The position vector, $\displaystyle \displaystyle \vec r(u,v)=\frac{v}{2}\,\hat i+u\hat j+v\hat k,$ gives the coordinates of a point at $\displaystyle \displaystyle (x,\ y,\ z)$$\displaystyle \displaystyle =\left(\frac{v}{2},\ u,\ v\right)\,.$
$\displaystyle \displaystyle \vec r(0,0)=0\hat i+0\hat j+0\hat k,$ so the surface passes through the origin, (0, 0, 0).
Define vector, $\displaystyle \displaystyle \vec A$$\displaystyle \displaystyle =\vec{r}(2,\ 0)-\vec{r}(0,\ 0)=1\hat i+0\hat j+2\hat k$.
Define vector, $\displaystyle \displaystyle \vec B$$\displaystyle \displaystyle =\vec{r}(0,\ 1)-\vec{r}(0,\ 0)=0\hat i+1\hat j+0\hat k$.
Notice that any vector of the form $\displaystyle \displaystyle \vec r(u,v)=\frac{v}{2}\,\hat i+u\hat j+v\hat k,$ may be written as a linear
combination of the constant vectors, $\displaystyle \displaystyle \vec A$ and $\displaystyle \displaystyle \vec B$.
Therefore, the surface specified by $\displaystyle \displaystyle \vec r(u,v)$ is a plane.
Vectors, $\displaystyle \displaystyle \vec A$ and $\displaystyle \displaystyle \vec B$ lie in the plane, so their vector product (cross product) is perpendicular to the plane.

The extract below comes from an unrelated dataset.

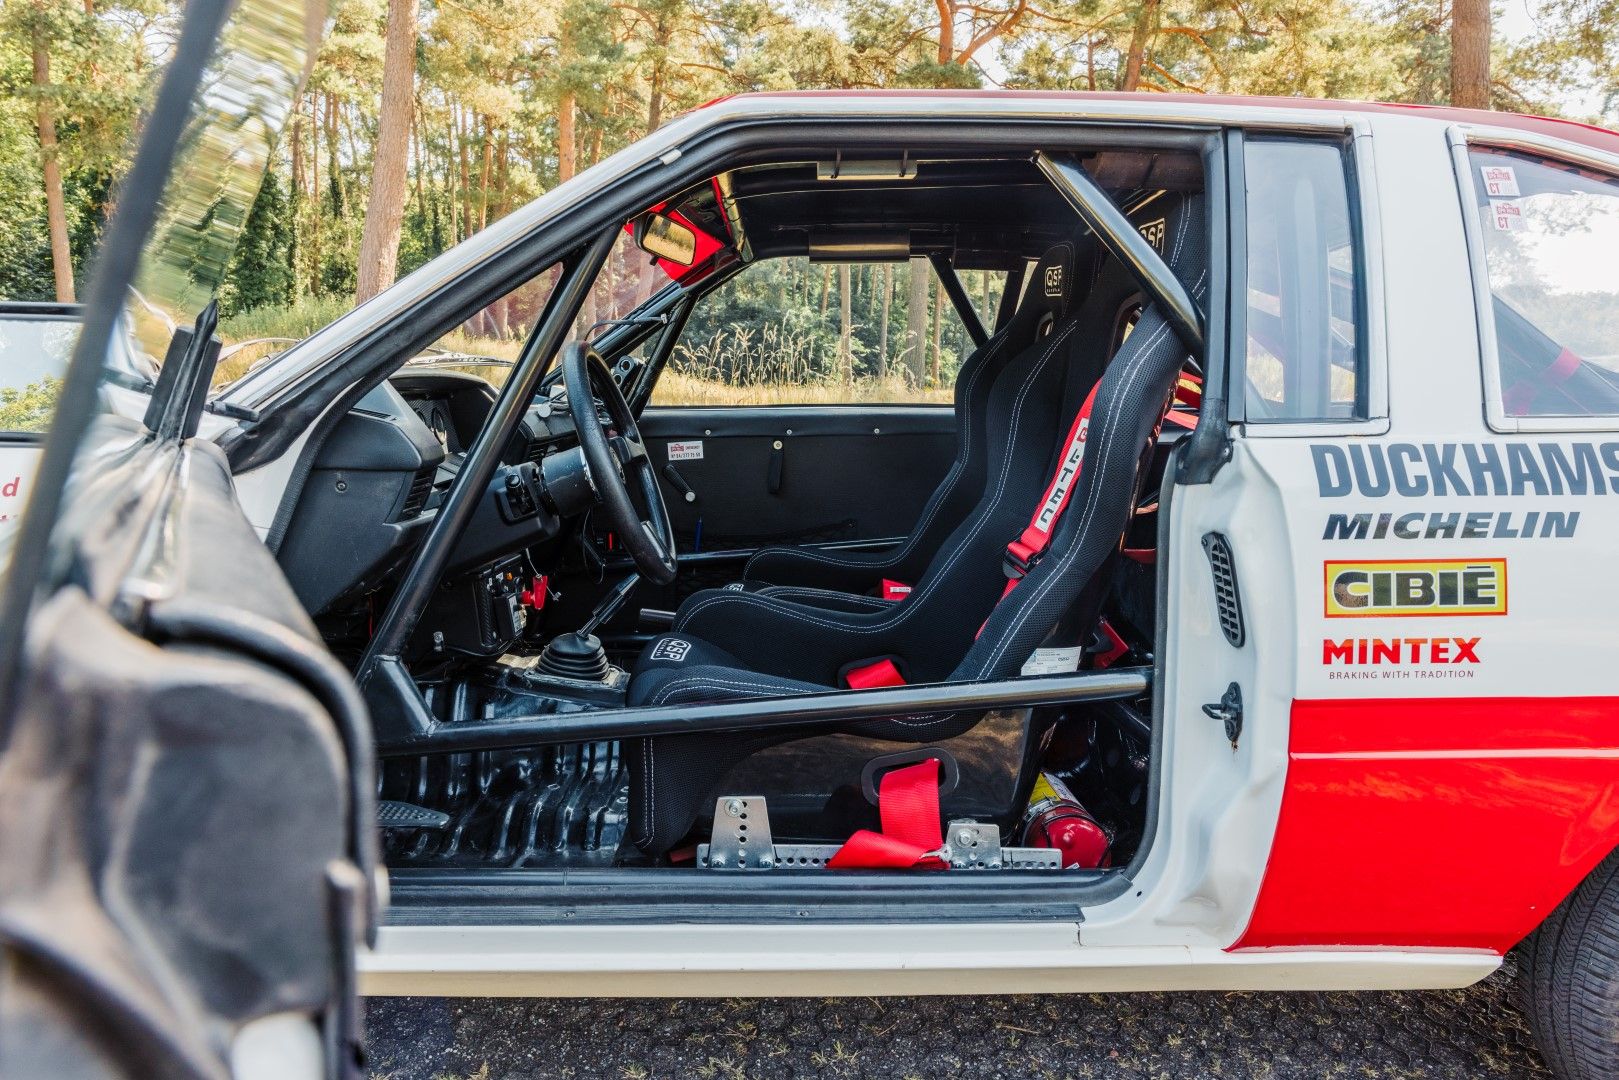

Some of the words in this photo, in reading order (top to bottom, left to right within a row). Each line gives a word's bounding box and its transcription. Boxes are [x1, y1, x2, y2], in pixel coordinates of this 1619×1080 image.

$\displaystyle \displaystyle \vec A\times\vec B = \begin{vmatrix}
\ \hat i&\hat j&\hat k\ \\
\ 1&0&2\ \\
\ 0&1&0\ \end{vmatrix}=-2\,\hat i+0\,\hat j+1\,\hat k$
So, the equation of the plane is $\displaystyle \displaystyle -2(x-0)+0(y-0)+1(z-0)=0,$
which may be written as $\displaystyle \displaystyle 2x-z=0\,.$